-- What to work on --
Without the pictures, copy the entries below word for word.

[Records contained in a dataset]

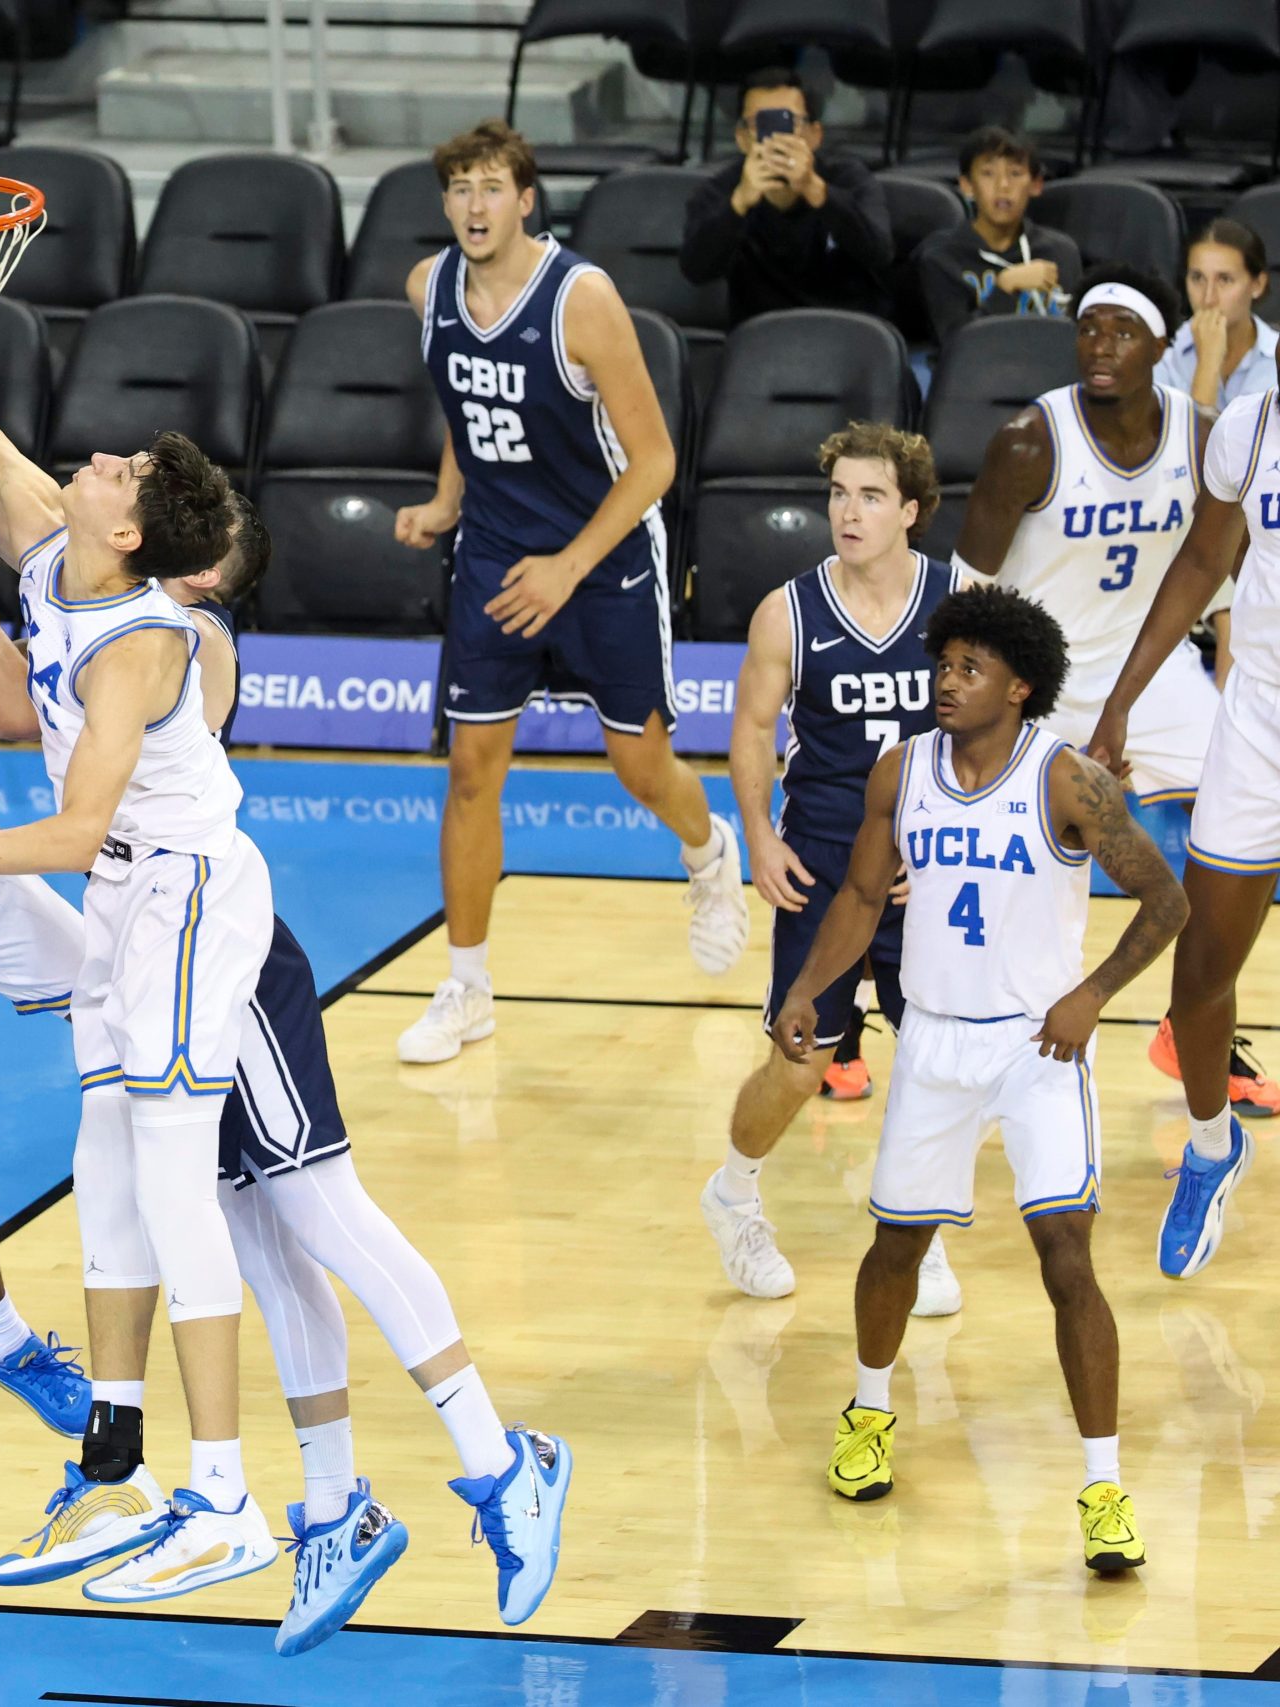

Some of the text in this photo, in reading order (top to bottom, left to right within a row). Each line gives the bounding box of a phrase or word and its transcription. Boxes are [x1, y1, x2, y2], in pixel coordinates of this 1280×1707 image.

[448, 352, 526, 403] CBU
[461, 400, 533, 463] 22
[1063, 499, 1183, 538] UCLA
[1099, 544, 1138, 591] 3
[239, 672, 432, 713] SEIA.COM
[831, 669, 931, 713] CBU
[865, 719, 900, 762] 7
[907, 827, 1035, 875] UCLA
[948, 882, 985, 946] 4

-- Problem solution --
Some of the text in this photo, in reading order (top to bottom, left to right within a row). Each line gives the bounding box of a phrase or word and its transcription. Boxes are [x1, y1, x2, y2], in pixel coordinates of this 1280×1707 image.

[448, 352, 526, 403] CBU
[461, 400, 533, 463] 22
[1063, 499, 1183, 538] UCLA
[1099, 544, 1138, 591] 3
[239, 672, 432, 713] SEIA.COM
[831, 669, 931, 713] CBU
[865, 719, 900, 762] 7
[907, 827, 1035, 875] UCLA
[948, 882, 985, 946] 4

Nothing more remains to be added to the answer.